NOT a silly question at all! :) The difference is that a double integral doesn't specify the order of integration, and you'll see integral notation like (\int\int)_R, which tells you that you're integrating over the region R, but doesn't tell you whether you should integrate first with respect to x or y. An iterated integral has already done the work for you and tells you the order of integration. You'll see integral notation like \int_0^1\int_-2^2. Hope that helps!! :D
seriously you are very good......in all those year's I was always lack behind with basics....now you saved my life...after completing my exams. ..I will cover your all lectures...then move ahead. ...Thank you...you have very good ability to teach..

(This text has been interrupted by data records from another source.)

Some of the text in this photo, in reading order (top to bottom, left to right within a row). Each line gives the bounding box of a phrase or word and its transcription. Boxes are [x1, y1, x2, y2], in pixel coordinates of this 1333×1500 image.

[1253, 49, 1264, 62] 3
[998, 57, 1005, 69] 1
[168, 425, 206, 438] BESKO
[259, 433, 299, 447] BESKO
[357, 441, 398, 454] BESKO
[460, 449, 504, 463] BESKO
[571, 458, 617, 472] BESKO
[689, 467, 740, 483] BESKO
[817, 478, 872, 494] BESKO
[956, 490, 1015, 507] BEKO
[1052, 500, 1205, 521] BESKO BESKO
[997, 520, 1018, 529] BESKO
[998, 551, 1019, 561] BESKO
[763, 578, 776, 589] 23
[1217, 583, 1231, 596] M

I know this was made in 2013 and you probably aren't looking at comments, but on the off chance that you do, thank you a lot for this video!! It was very clear and helped me a lot :)
no, because cos(9) is a constant. multiply that by -1/2, and you still have a constant. so you really have to look at that whole term, -1/2 cos(9), as a constant, just like if it were just 3, or 7. if you took the integral of 3, you'd get 3\theta, which means the integral of -1/2 cos(9) is (-1/2 cos(9))\theta. great question, and i hope that helps!! :)

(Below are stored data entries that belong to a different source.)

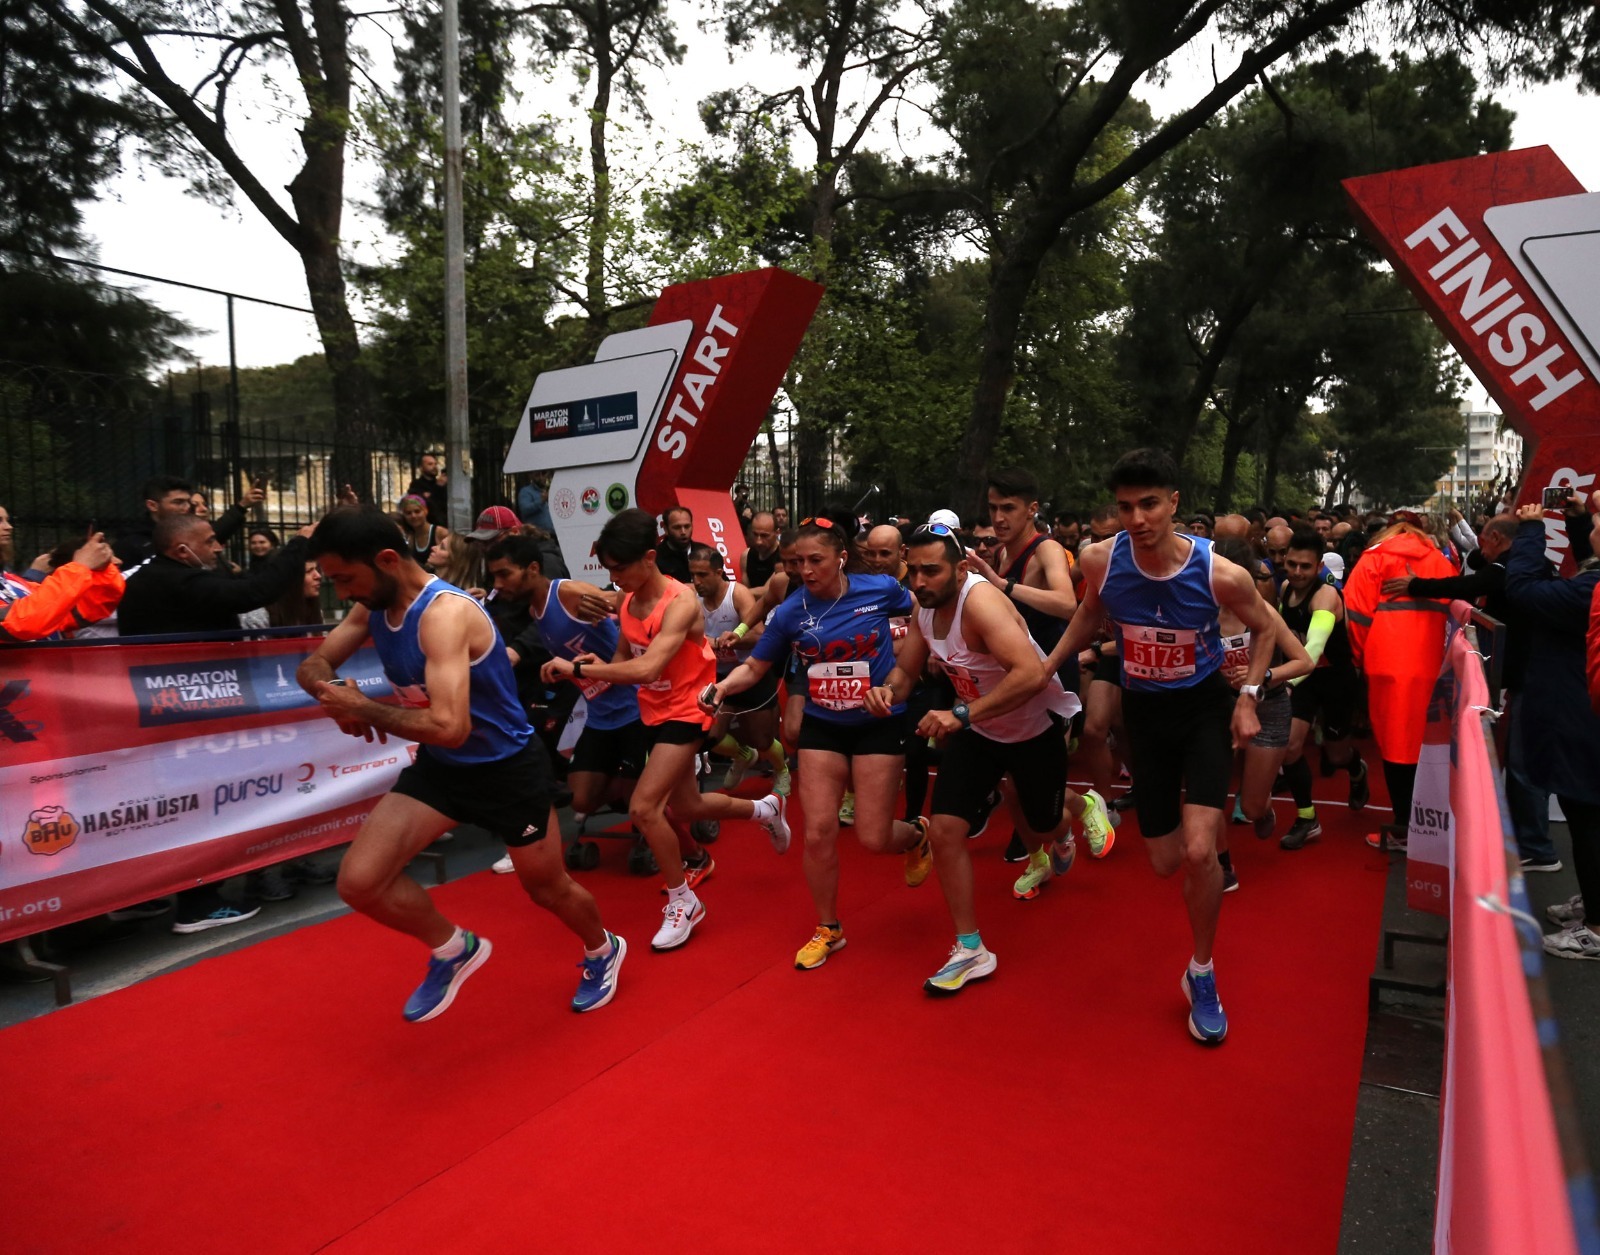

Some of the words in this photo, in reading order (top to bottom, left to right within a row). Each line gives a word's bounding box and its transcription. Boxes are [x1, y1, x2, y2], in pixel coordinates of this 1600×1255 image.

[1404, 206, 1585, 412] FINISH
[658, 303, 738, 459] START
[534, 408, 568, 421] MARATON
[1133, 643, 1185, 667] 5173
[145, 669, 238, 690] MARATON
[818, 679, 862, 699] 4432
[341, 756, 398, 775] carraro
[82, 803, 149, 834] HASAN
[156, 793, 199, 818] USTA
[31, 822, 71, 844] BHU

The reason I didn't change the limits of integration is because I was planning to back-substitute for r before I evaluated over the interval. If you want to leave the function in terms of u, then you need to change the limits of integration so that they correspond to u. But if you back substitute and put the function back in terms of r, then you'd just need to change the limits of integration back anyway, so I didn't change them. :)
hey love your teaching 10:25 is it really the area of that circle or is it the volume of some soild where its projection is the region represented by the circle i am not sure about the latter but pretty sure that the answer in not the area of that circle please explain love your videos thanks
3:24 If the limits of integration for x had been -2 to 2, how would you define your limits of integration for r and theta? I have a problem like that for homework, but I don't know if I am supposed to be using polar (or how to use polar for that).

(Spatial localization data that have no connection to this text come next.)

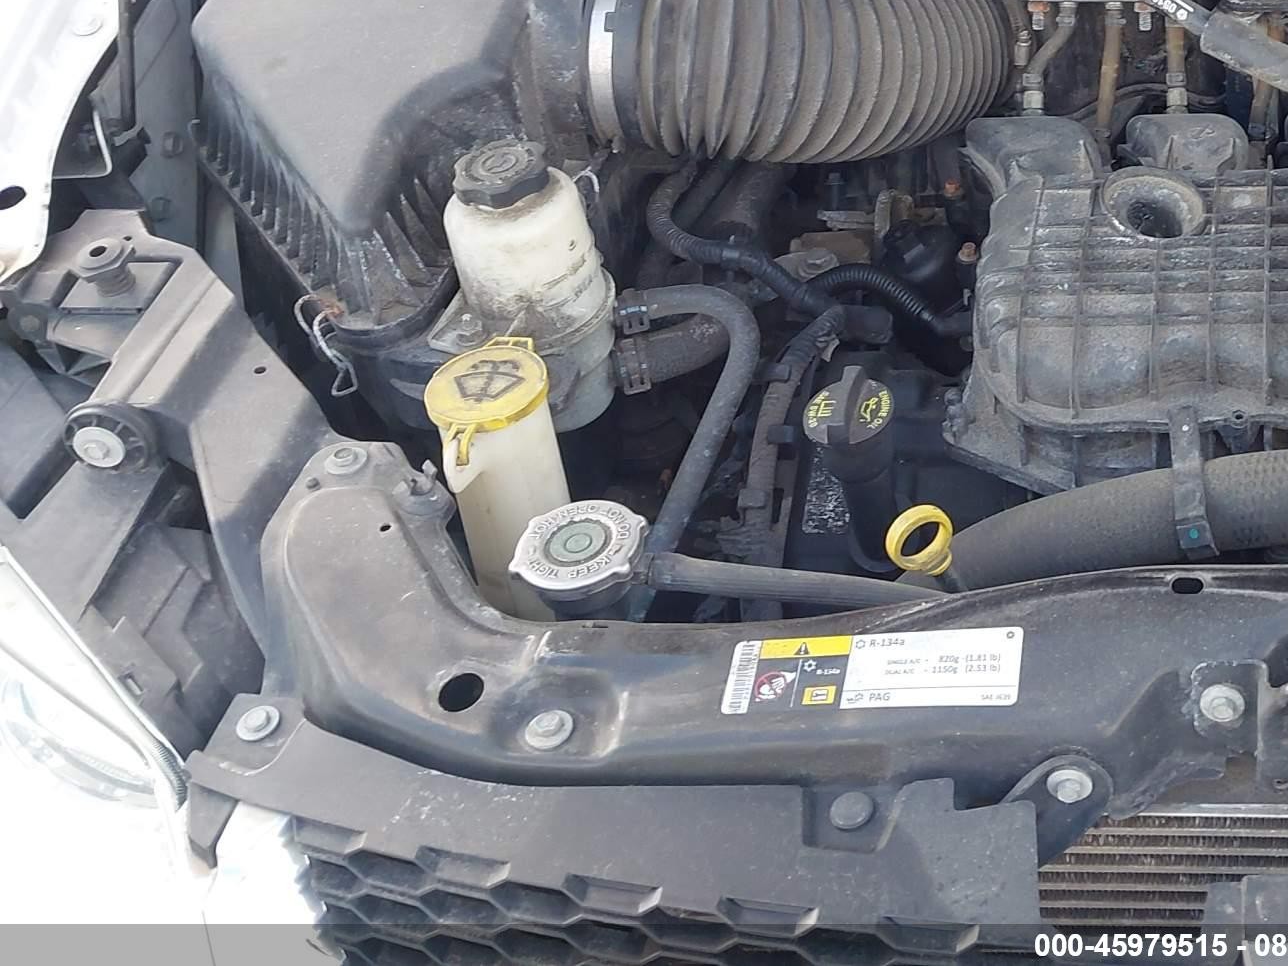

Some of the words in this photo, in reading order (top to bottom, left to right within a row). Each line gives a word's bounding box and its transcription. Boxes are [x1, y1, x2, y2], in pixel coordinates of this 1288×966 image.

[878, 390, 892, 417] ENGINE
[866, 416, 883, 430] OIL
[567, 556, 612, 579] KEEP
[869, 638, 905, 647] R-134a
[932, 665, 958, 674] 1150g
[965, 664, 987, 673] (2.53
[869, 692, 891, 702] PAG

Yes, but I knew I was going to back-substitute at the end of the problem, which is why I didn't bother. After back-substituting, I would have had to change the limits back to what they were originally.
LOL, I totally understand!! :) Unfortunately I'm going to have to ask you to ignore me for a few months, because I need to get these videos out so that they can help people in summer school, and so that they're ready for the fall when everybody gets back to school! :)
I have a question. You know how you found the new limits of integration in polar coordinates geometrically by drawing a picture? Is there a way to find the limits of integration analytically like how you substituted r^2 into the integrand? I can't seem to find a way to do it analytically.
integralCALC It was pretty rough but this stuff- I did well on.Hopefully there is a curve and I can keep my B+ haha You were really helpful though, I have you right there with PatrickJMT on the most helpful videos for Calculus!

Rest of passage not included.